_About this task_
Word for word, copy the data that follows and skip its pictures.

_Exercise data_
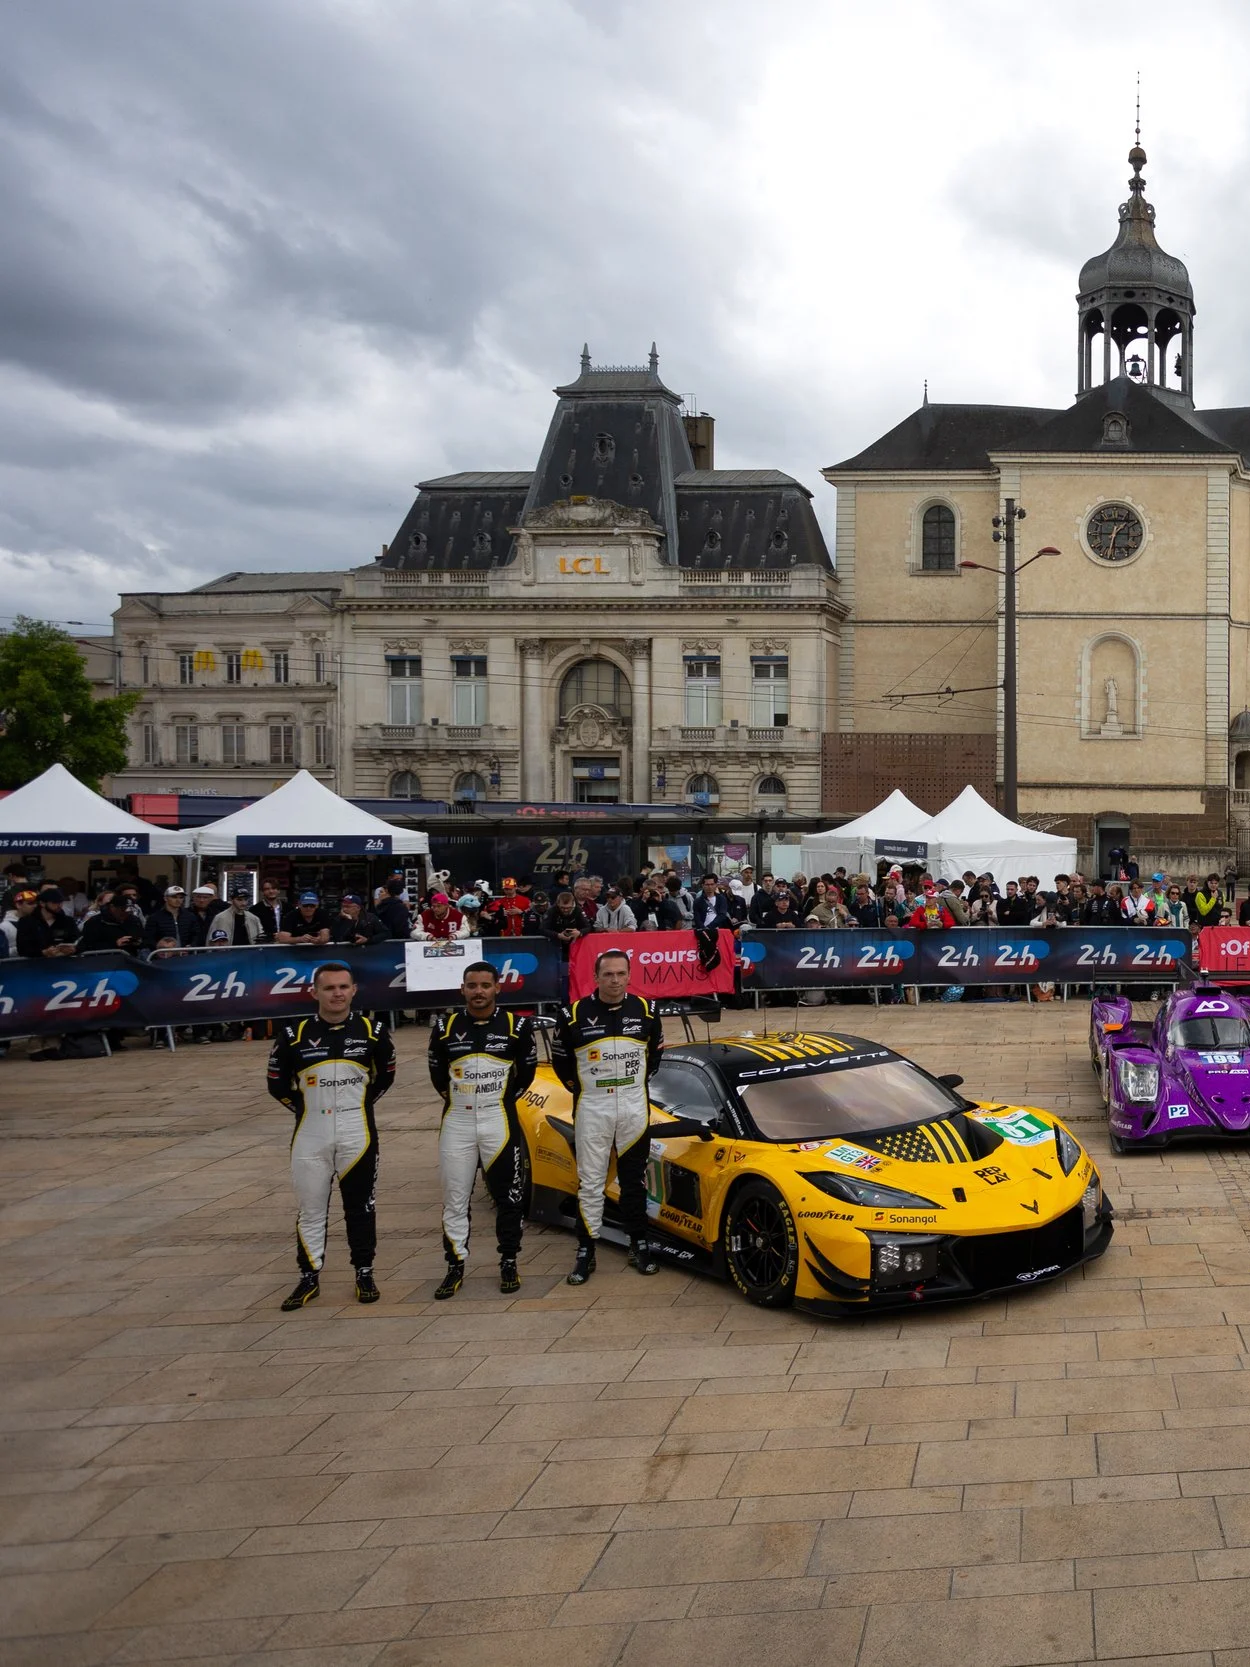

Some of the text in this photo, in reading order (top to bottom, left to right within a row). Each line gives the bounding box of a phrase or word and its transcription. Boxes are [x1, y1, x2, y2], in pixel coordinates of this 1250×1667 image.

[559, 556, 611, 575] LCL
[533, 865, 548, 873] LE
[449, 921, 457, 932] B
[639, 949, 702, 964] cours
[796, 947, 840, 968] 24h
[857, 946, 900, 968] 24h
[938, 945, 979, 967] 24h
[995, 944, 1035, 966] 24h
[1077, 944, 1117, 965] 24h
[1132, 944, 1172, 965] 24h
[183, 971, 246, 1001] 24h
[44, 978, 117, 1011] 24h
[602, 1048, 640, 1061] Sonangol
[1202, 1055, 1241, 1064] 199
[625, 1060, 640, 1069] REP
[738, 1050, 889, 1078] CORVETTE
[464, 1069, 506, 1080] Sonangol
[625, 1068, 640, 1076] LAY
[319, 1075, 364, 1088] Sonangol
[1169, 1106, 1187, 1117] P2
[995, 1119, 1042, 1139] 81
[973, 1166, 1002, 1179] REP
[983, 1172, 1011, 1185] LAY
[659, 1208, 703, 1233] GOODYEAR
[778, 1200, 796, 1245] EAGLE
[797, 1210, 855, 1222] GOODYEAR
[889, 1213, 938, 1226] Sonangol
[1033, 1264, 1061, 1275] SPORT

_Answer box_
Some of the text in this photo, in reading order (top to bottom, left to right within a row). Each line gives the bounding box of a phrase or word and its transcription. Boxes are [x1, y1, x2, y2], in pixel coordinates of this 1250×1667 image.

[559, 556, 611, 575] LCL
[533, 865, 548, 873] LE
[449, 921, 457, 932] B
[639, 949, 702, 964] cours
[796, 947, 840, 968] 24h
[857, 946, 900, 968] 24h
[938, 945, 979, 967] 24h
[995, 944, 1035, 966] 24h
[1077, 944, 1117, 965] 24h
[1132, 944, 1172, 965] 24h
[183, 971, 246, 1001] 24h
[44, 978, 117, 1011] 24h
[602, 1048, 640, 1061] Sonangol
[1202, 1055, 1241, 1064] 199
[625, 1060, 640, 1069] REP
[738, 1050, 889, 1078] CORVETTE
[464, 1069, 506, 1080] Sonangol
[625, 1068, 640, 1076] LAY
[319, 1075, 364, 1088] Sonangol
[1169, 1106, 1187, 1117] P2
[995, 1119, 1042, 1139] 81
[973, 1166, 1002, 1179] REP
[983, 1172, 1011, 1185] LAY
[659, 1208, 703, 1233] GOODYEAR
[778, 1200, 796, 1245] EAGLE
[797, 1210, 855, 1222] GOODYEAR
[889, 1213, 938, 1226] Sonangol
[1033, 1264, 1061, 1275] SPORT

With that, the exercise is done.